• Work to be completed: Print every record exactly, omitting all pictures.

[Image-backed grounding data]

============

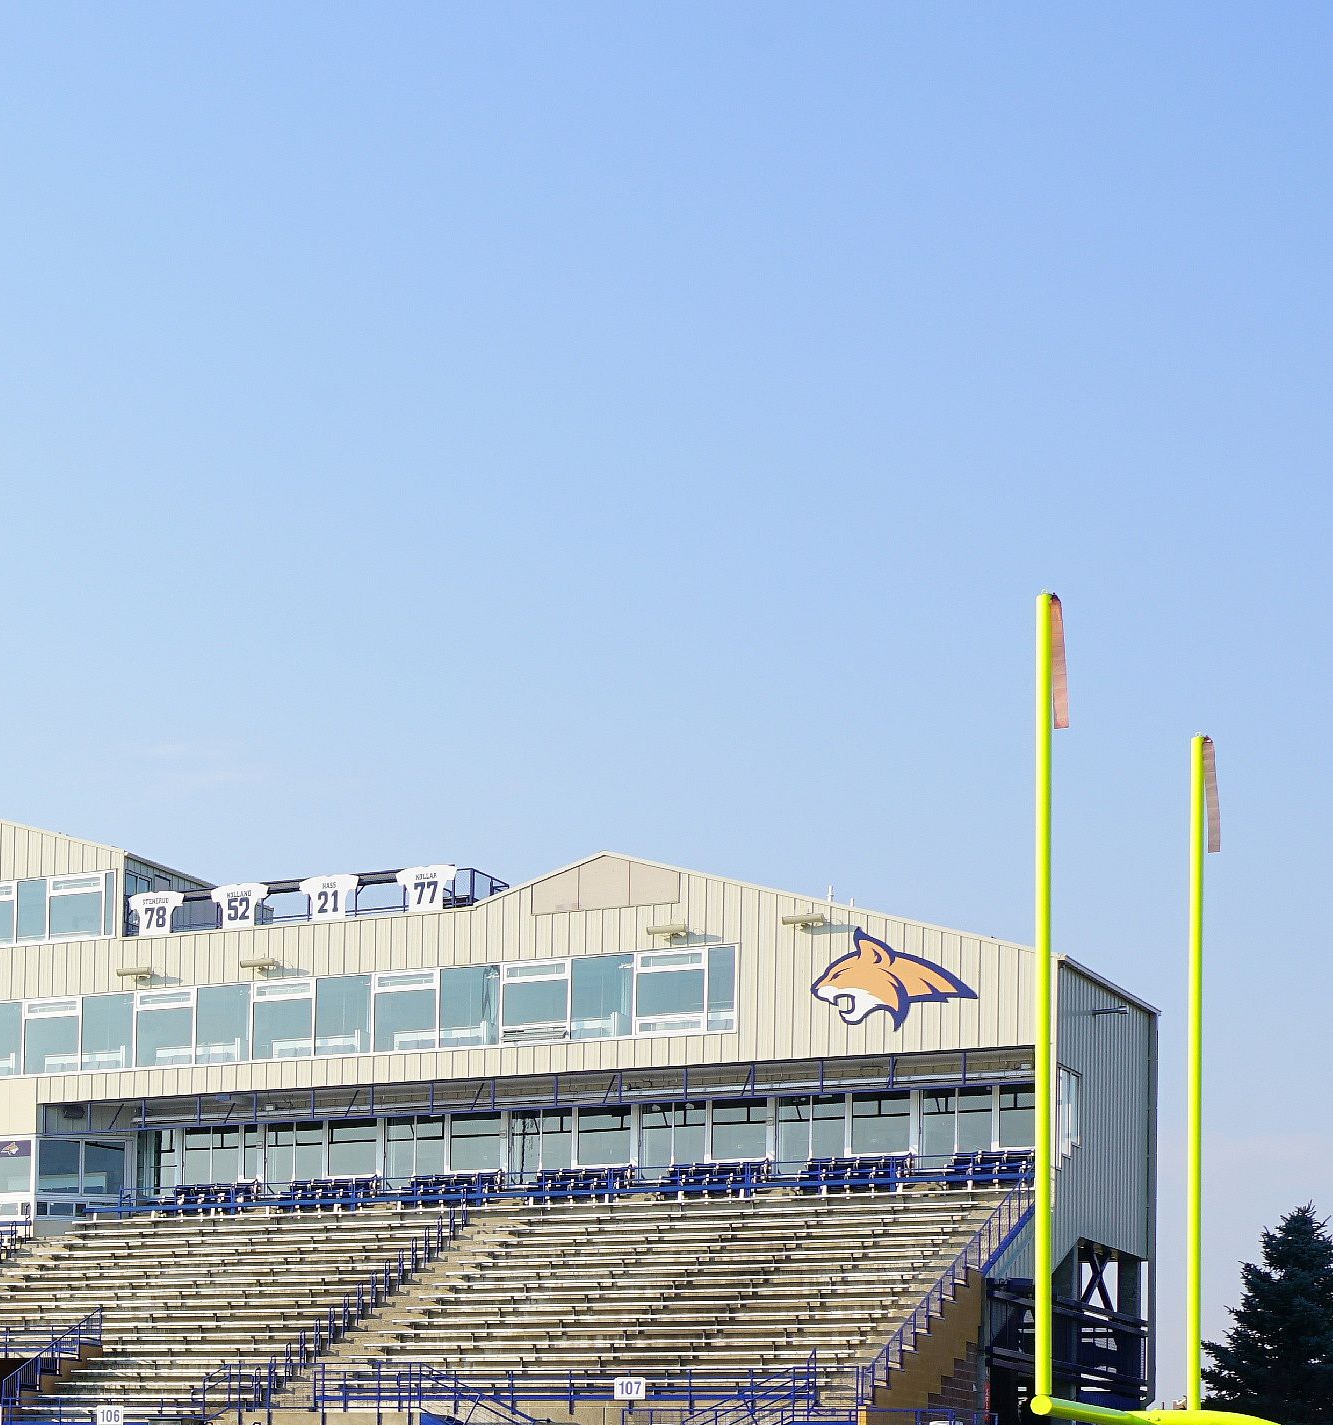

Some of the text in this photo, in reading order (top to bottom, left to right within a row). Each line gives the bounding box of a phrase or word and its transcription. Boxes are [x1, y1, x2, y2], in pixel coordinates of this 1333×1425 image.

[317, 889, 339, 913] 21
[413, 881, 438, 905] 77
[144, 906, 167, 929] 78
[227, 897, 250, 921] 52
[618, 1381, 642, 1395] 107
[100, 1409, 120, 1422] 106
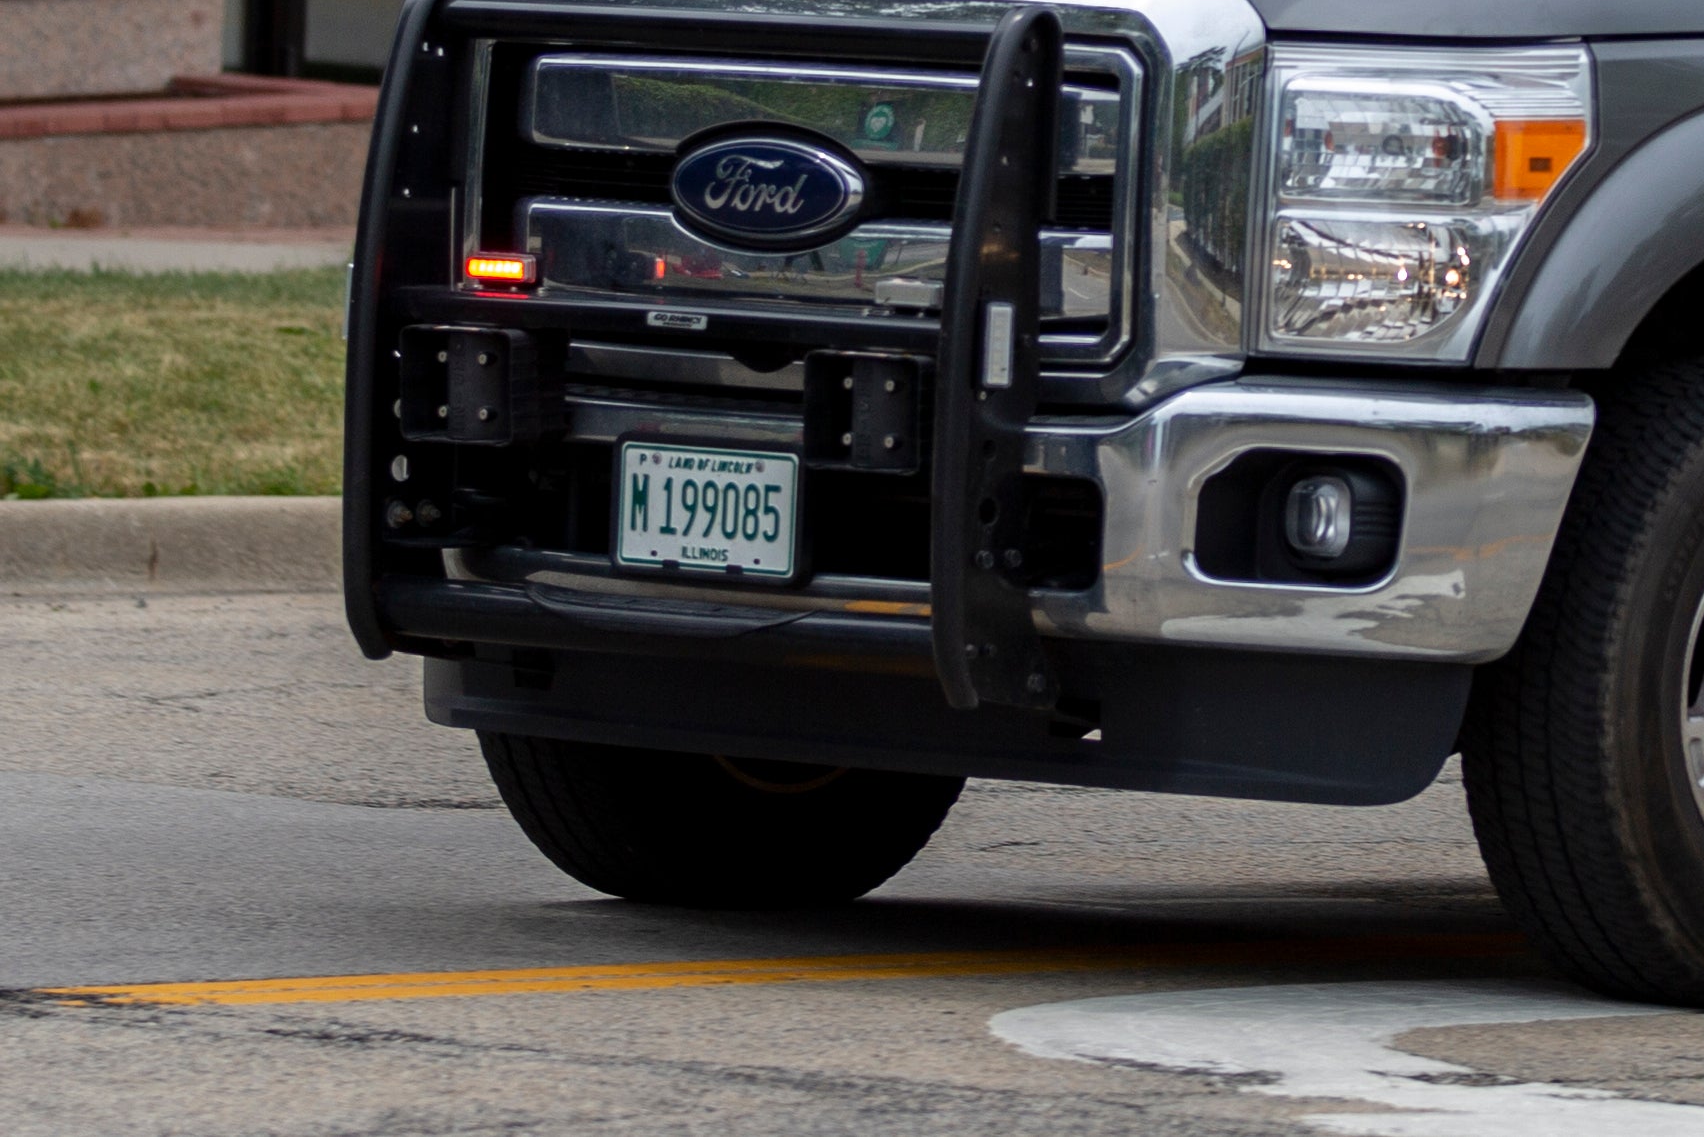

============

• Expected output:
Some of the text in this photo, in reading order (top to bottom, left to right within a row). Each line gives the bounding box of a phrase or word and its transcription. Boxes are [x1, y1, x2, y2], in pixel coordinates of this 1333×1425 image.

[317, 889, 339, 913] 21
[413, 881, 438, 905] 77
[144, 906, 167, 929] 78
[227, 897, 250, 921] 52
[618, 1381, 642, 1395] 107
[100, 1409, 120, 1422] 106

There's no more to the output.